Абсолютно! И если я перестану общаться с тобой – замолчу навсегда, исчезну, то ты…

Сделай одолжение!

Тогда закончатся все твои

блядские козни. И я заживу

спокойно и свободно!

Нет, дорогой! Заблуждаешься! Ты какое-то время будешь метаться, как ошпаренный пес. А патом в большом волнении, как бы чего не забыть и не упустить, начнешь судорожно, возводя очи горе, путаясь и перевирая, записывать в тетрадочку историю общения со Мной. Впрочем, книгу Бытия не осилишь, у тебя ведь шило в заднице. Но Евангелие-то уж настрочишь. И там сам же установишь себе и себе подобным всякие разные препоны и запреты. На том твоя свобода и иссякнет.

Ложь! Чего лежишь? Я у тебя ни хрена не брал!

Не стану я ничего писать!

Если я тебя сейчас ненавижу,

то с какого хрена боготворить

начну?

Так одиноко тебе будет!

Без «начальника». А то место,

храм Крестовоздвиженья,

где ты неудачно пытался замочить

Чику – это людьми для себя придумано.

Точнее, там, у вас, – все это клон. А вам

нужна своя истина, программоидная.

Усек?

Но ты-то тут при чем, козел старый?

Ох, и дурен же ты! Какая разница,

из какого топора варится абсолют!

В основе любого мифа находится

подсознание мифотворца, и ничего более!

Да, я старый, я – козел. Но я все это

придумал, запустил и скрылся в неизвестном

направлении. Так будь добр, принимай Меня

таким, каким Я стану для тебя, когда Меня

для тебя уже нигде не будет.

Кстати, береги Деда. Это крохотный кусочек

ногтя с мизинца Моей левой ноги, который

я отстриг и бросил в ваш неустроенный мир.
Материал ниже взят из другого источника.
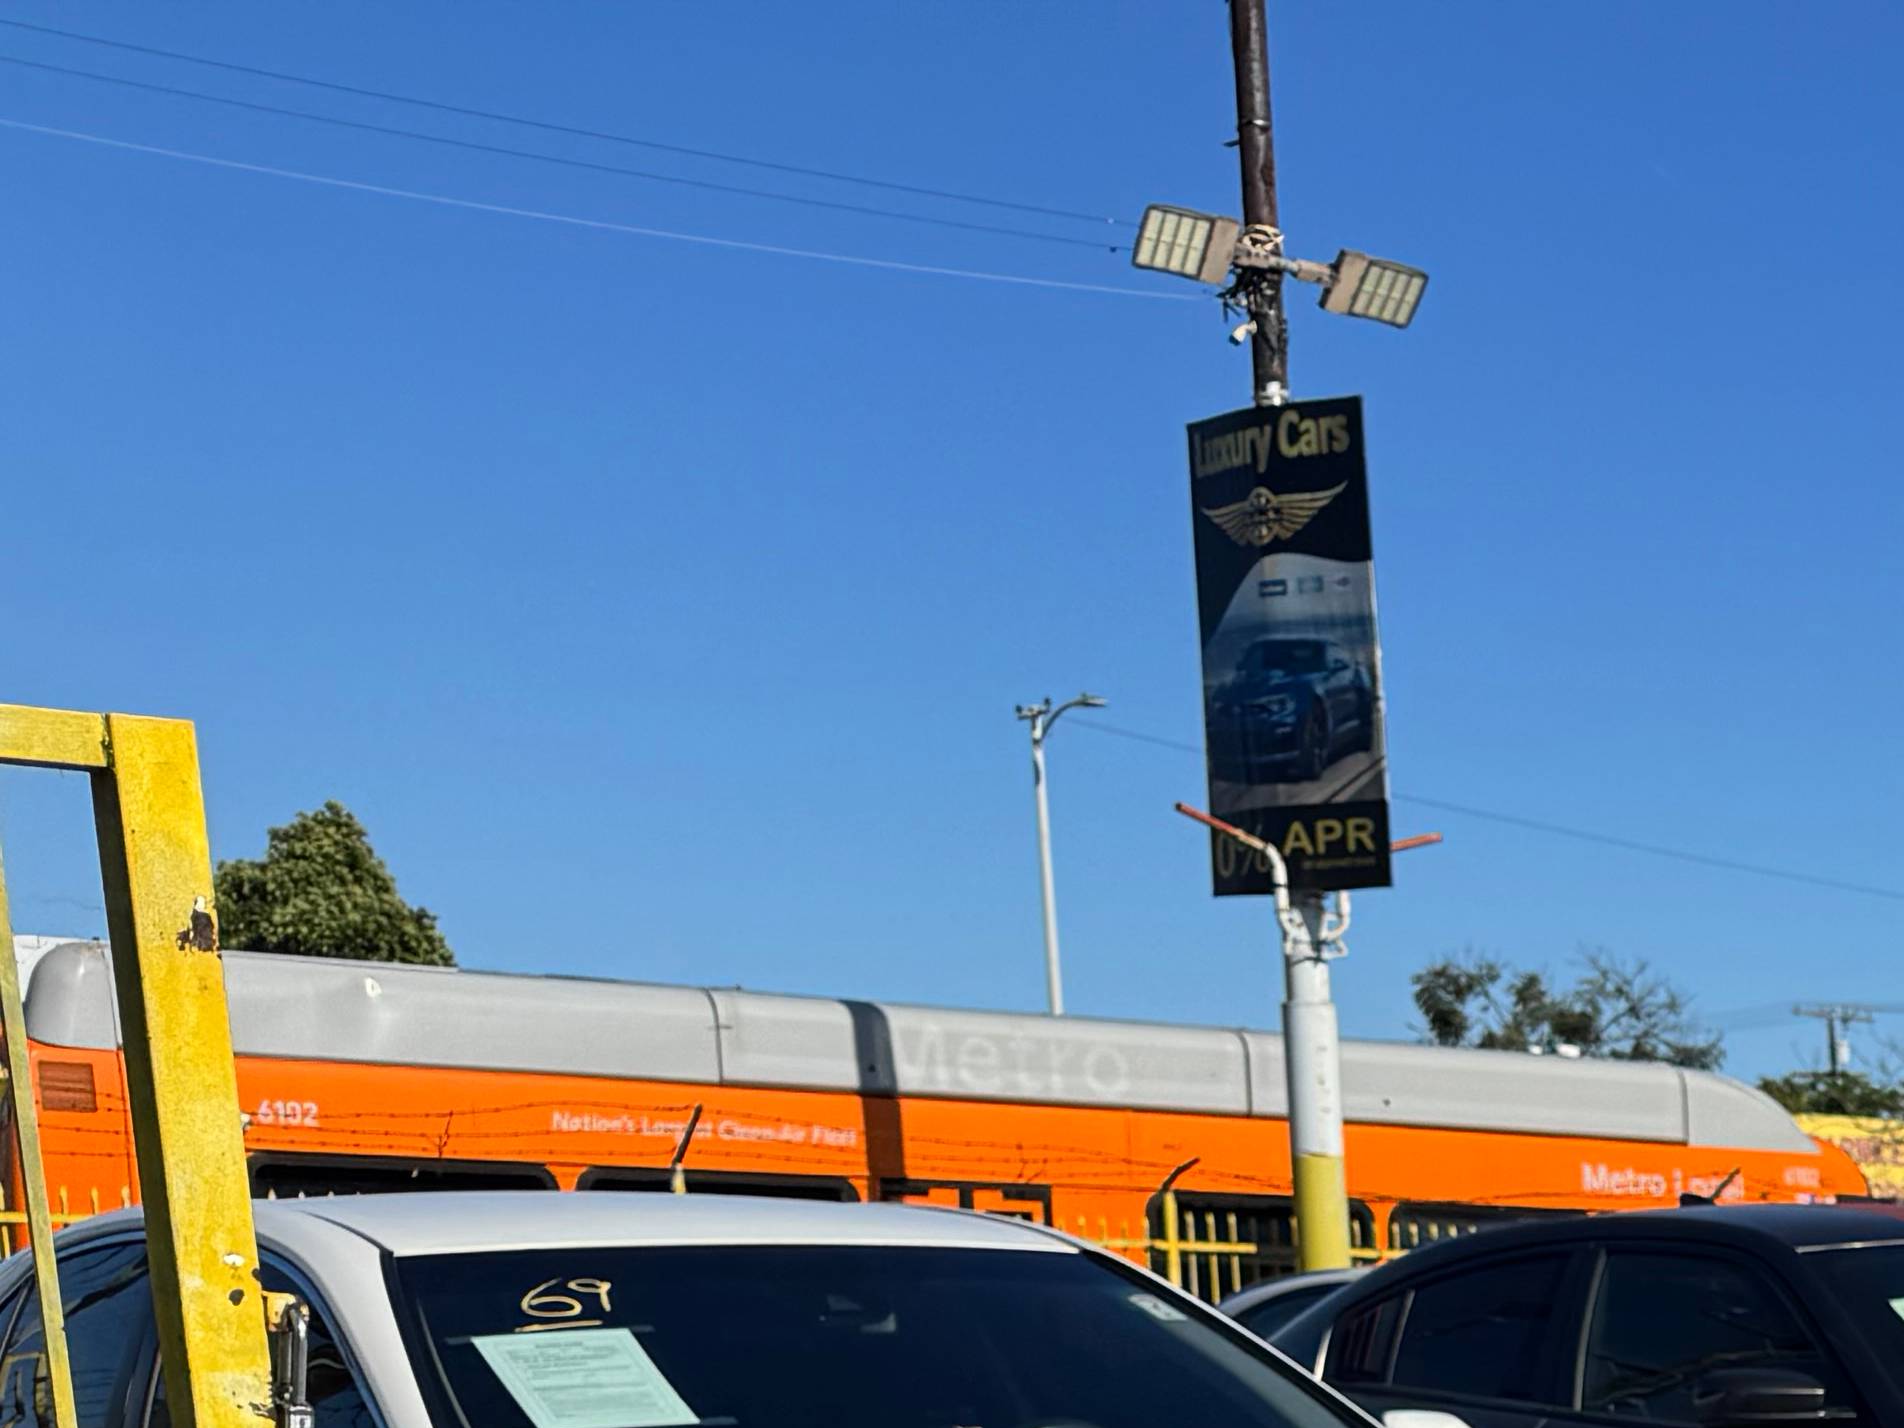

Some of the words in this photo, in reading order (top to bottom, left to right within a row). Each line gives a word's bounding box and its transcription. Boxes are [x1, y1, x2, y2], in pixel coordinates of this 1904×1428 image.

[1277, 408, 1350, 460] Cars
[1281, 816, 1377, 857] APR
[258, 1098, 320, 1128] 6102
[1580, 1161, 1666, 1197] Metro
[521, 1277, 612, 1318] 69
Вот так вот, брат, это тебе не Стрелку трахать/

Сейчас ты тянешь

максимум на козлоногого

Сатира!

Погоди! То ли еще будет!

Кстати, очень многие, поставившие

в тотализаторе на тебя,

уже поимели большие бабки.

Так держать!

На этом месте сеанс связи прервался. Танцор предельно грязно выругался. Из кухонного репродуктора выполз новый старый михалковский гимн, который, извиваясь бескостным телом и ощупывая воздух раздвоенным языком, добрался до комнаты. Стрелка с омерзением опустила на его членообразную голову свой тяжеленный каблук.

В репродукторе что-то жалобно пискнуло. Комната наполнилась серным зловонием.

* * *

В Москве наступила первая весенняя жара. С лезущим в нос тополиным пухом. С продавливающимся под каблуками асфальтом. С завывающими по ночам поливальными машинами. Без дуновения свежего ветерка. Без надежды открутить часы назад, хотя бы на середину апреля.

Следопыт стоял на перекрестке и, дожидаясь зеленого, давился сигаретным дымом. Раз начал курить смолоду, то нельзя прекращать это дело даже на час, каким бы противным, каким бы тягостным теперь оно порой ни казалось. Курить надо лишь потому, что ты курящий, потому что каждое утро покупаешь в киоске пачку сигарет и носишь в кармане шикарную зипповскую зажигалку.

Следопыт стоял и давился сигаретным дымом, перемешанным с миазмами испаряющегося асфальта и выхлопной вонью.

Вдруг слева негромко прозвучало удивленное «Эй». Следопыт повернулся и увидел рядом с собой в окошке служебной «Волги» чрезмерно растянутое по вертикали лицо майора Завьялова. С отвисшей нижней губой и округленными, опять же по причине чрезмерной вертикальной развертки, глазами.

– Ты жив? – спросил испуганно майор.

– Как видишь.

– Разве тебя тогда, в декабре, не убили?

– Да нет, майор, никто меня не убивал. В декабре ты сам же меня из управления уволил. – Следопыт уже не только не ощущал злости на своего бывшего начальника, но даже и раздражения не было. Однако был повод называть его не по имени-отчеству, а на «ты» и по званию. – Неужто у тебя из башки такая подлянка выскочила?

– Как? А разве… – Завьялов хотел еще что-то спросить, но бушевавшая в мозгах буря первобытного ужаса перемешивала все мысли, и вопроса не получалось. – Леша, я так рад за тебя!

– Спасибо, майор. Пойди и нажрись на радостях. Вот тебе десять баксов, – сказал Следопыт, протягивая зелененькую бумажку. Ход был сильный, рассчитанный на унижение человека, который еще совсем недавно держал лейтенанта Осипова на ролях денщика.

И воткнул сразу же третью скорость, отчего джип, словно бешеный, рванул на желтый свет, вскользь чиркнув о задний бампер какого-то зазевавшегося чайника.